The versatility of CT is mainly due to the properties of collagen, which is its main element. Collagen makes up more than 30% of the total body weight and is found not only in the skin and skeletal tissues (40-50%) but also in the stroma of all internal organs (10% of their mass). Today, 28 types of collagen are already known (the main five types of collagen I, II, IIi; IV, V), differing from each other in composition, predominant location in organs and tissues, and in the source of formation.

It should be taken into account that the processes of collagen biodegradation and biosynthesis are closely interrelated with proteoglycans and CT glycoproteins. Collagen biodegradation is also carried out during the interaction of fibroblasts, macrophages, lymphocytes, tissue basophilic granulocytes, and other CT cells under the control of the endocrine and immune systems. It is the fibrous structures, mainly collagen, that determine the strength of various types of CT. The elasticity and extensibility of CT are determined by the presence of elastic fibers in it [5, 15].

Thus, the diversity and complexity of the morphology and functions of the connective tissue provide it with a central role in genetic processes and suggest the active participation of its main elements in the development of many types of pathology. The morphological and functional integrity of the body is primarily determined by the connective tissue, the various morphological and functional structures of which provide immunological and biochemical homeostasis.

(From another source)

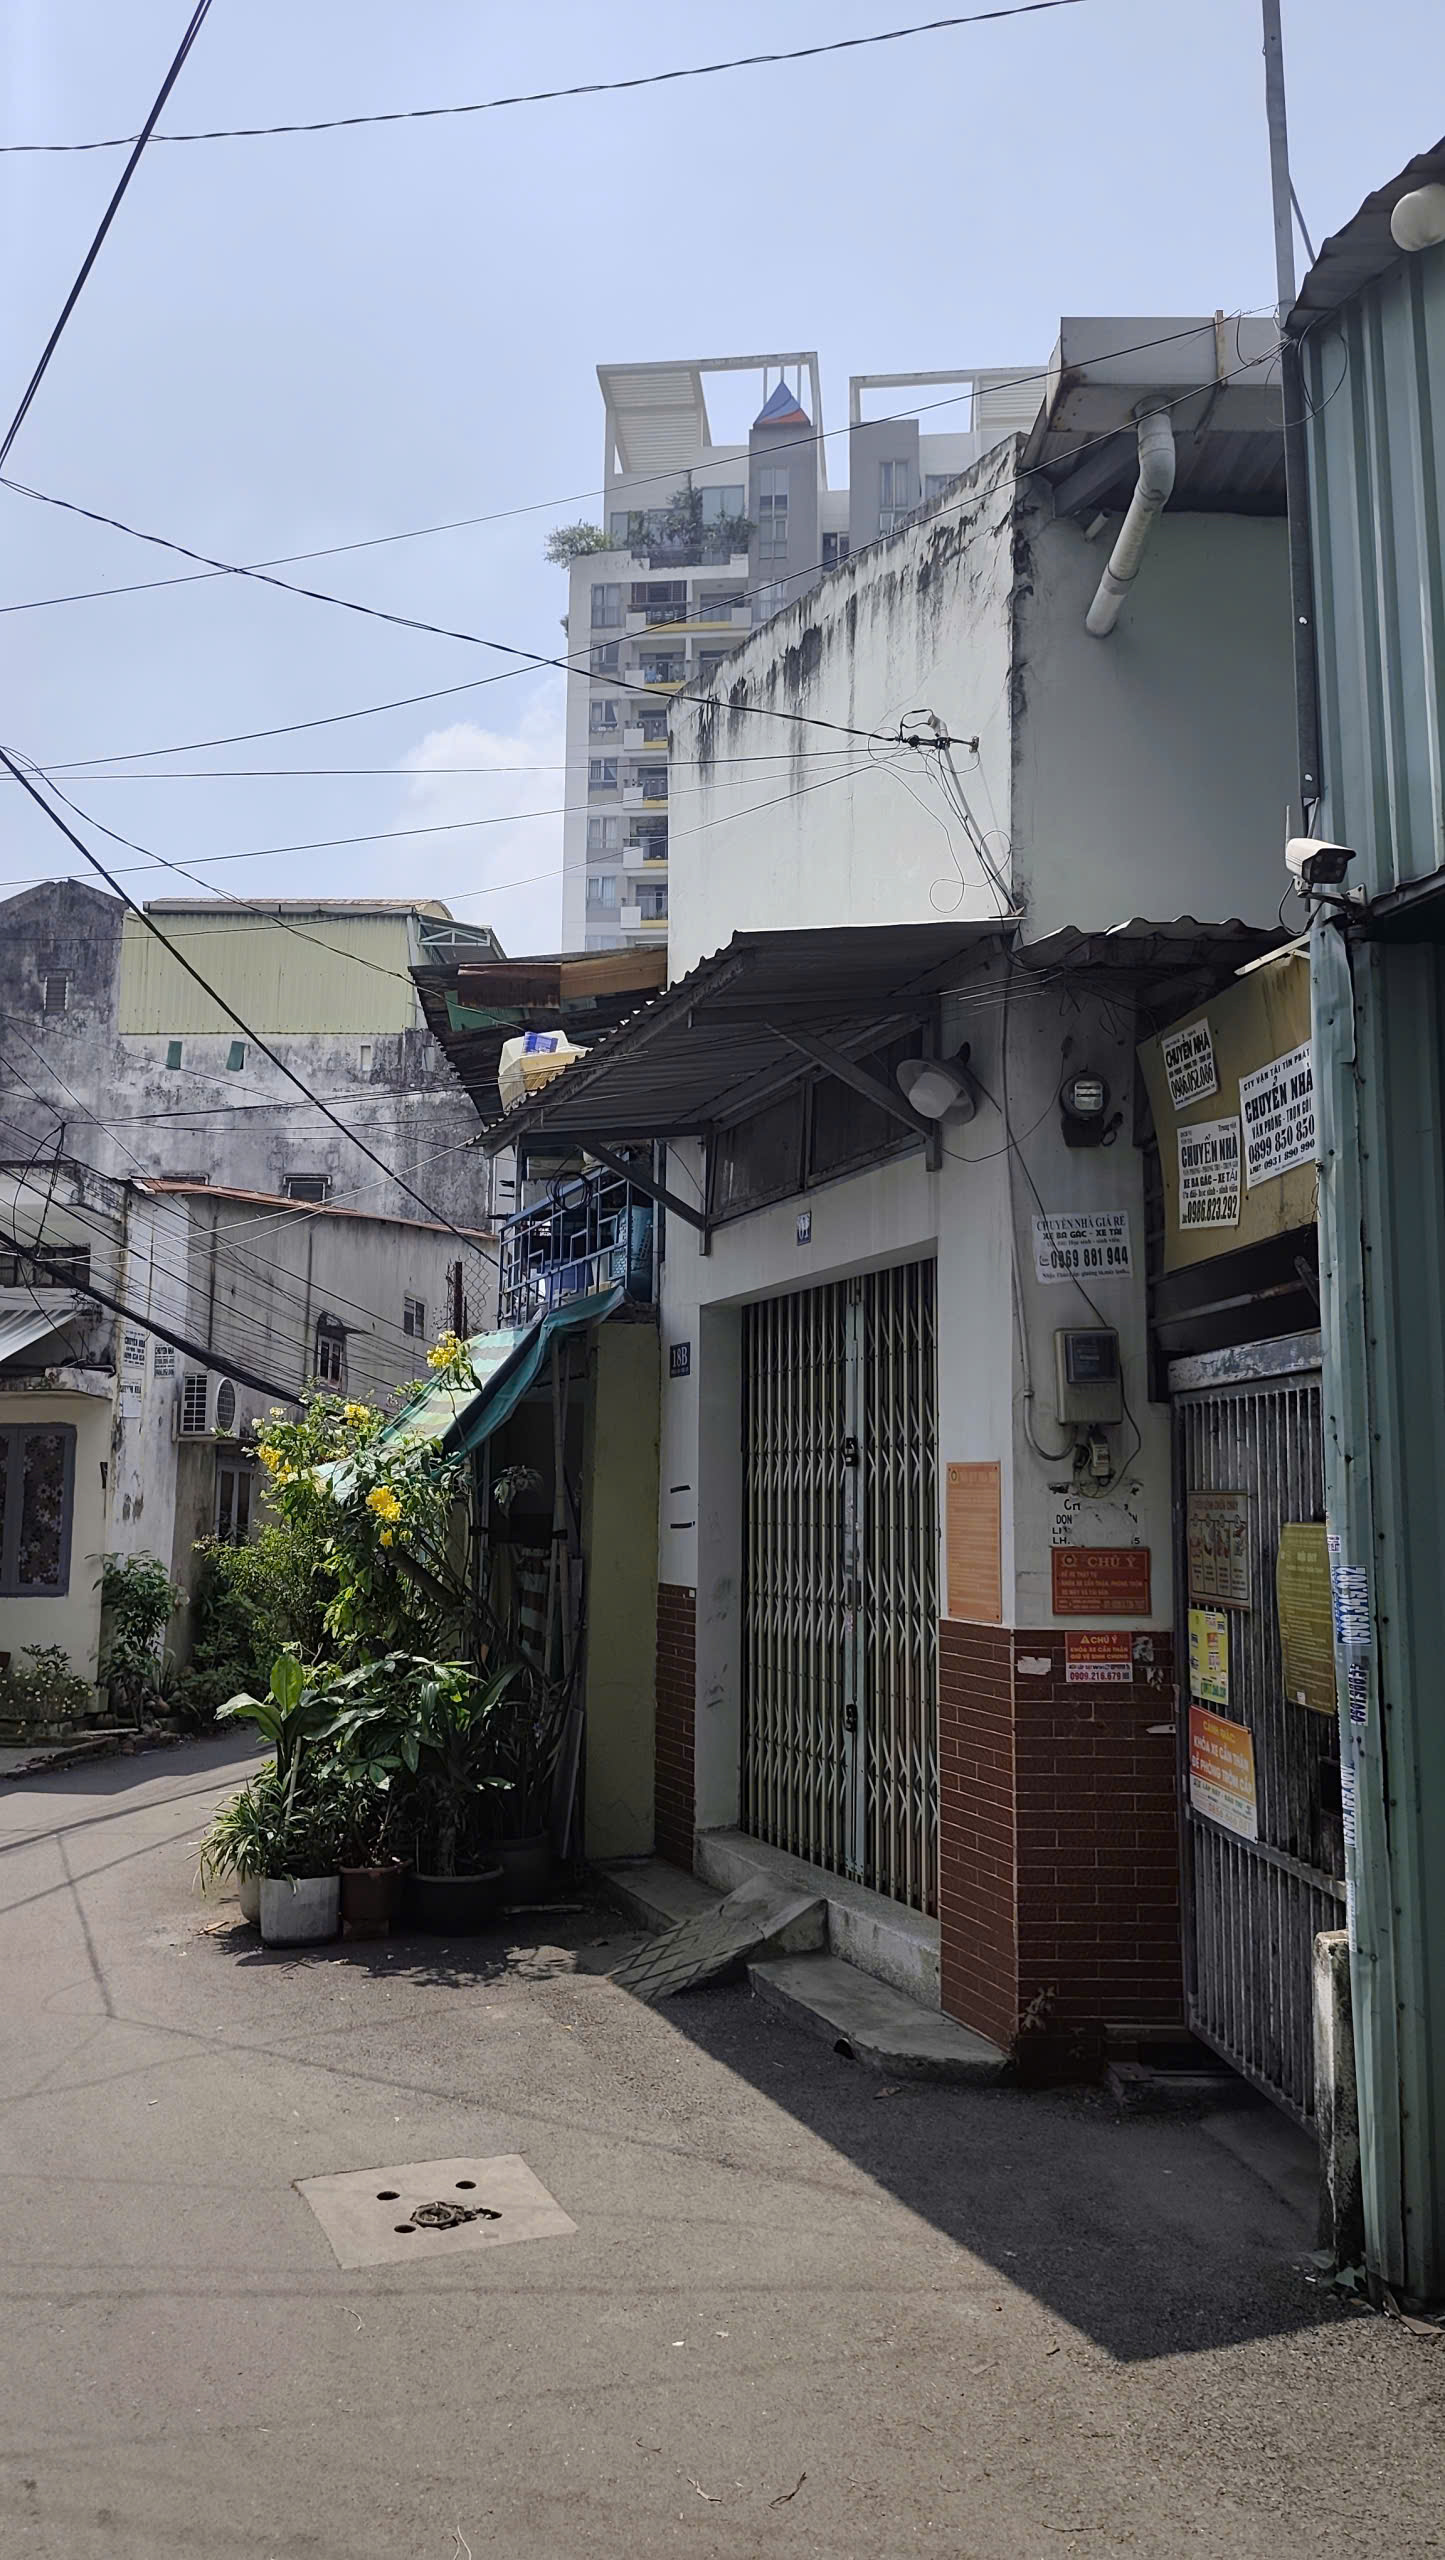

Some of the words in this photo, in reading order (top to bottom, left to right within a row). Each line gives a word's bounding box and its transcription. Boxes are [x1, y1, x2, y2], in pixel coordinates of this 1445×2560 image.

We are talking about the unique role of connective tissue as a barrier that protects the body from the penetration of infectious agents. At the same time, they mean, firstly, the direct activity of some cellular elements of the connective tissue in the fight against pathogenic organisms (phagocytosis) and, secondly, the leading role of CT cells in the implementation of the body’s immunological defense (antibody biosynthesis) [14]. Through the blood, the connective tissue has constant, two-way connections with the bone marrow – monocytes and granulocytes come from it.

From blood monocytes in the connective tissue, macrophages are formed – residents, and in the vessels – migrating macrophages. Lymphocytes also enter the connective tissue with blood and lymph. In phagocytic cells, a complex of factors is formed that stimulates the proliferation and differentiation of lymphoid cells, and the functional activity of mature T- and B-lymphocytes [9, 12]. It is also known that the nature of stem cell differentiation is determined by the microenvironment created by CT cells [11]. In this regard, we can assume a significant influence of the structure and metabolism of connective tissue on the functioning of the immune system, and the functional activity of its individual links.

The relationships between the collagens and the immune indicators were investigated. They are carried out through the lymphocyte-macrophage-fibroblast triad. An increase in phagocytic activity of macrophages helps to maintain metabolism CT at an average level. In this regard, the lysosomal enzymes of macrophages that break down CT fibers are of particular importance. It was discovered that through them, a specific state of mobile equilibrium of macrophages with fibroblasts is formed. From other sites, macrophages have a stimulating effect on fibroblasts, which are the leading producers of collagen [16].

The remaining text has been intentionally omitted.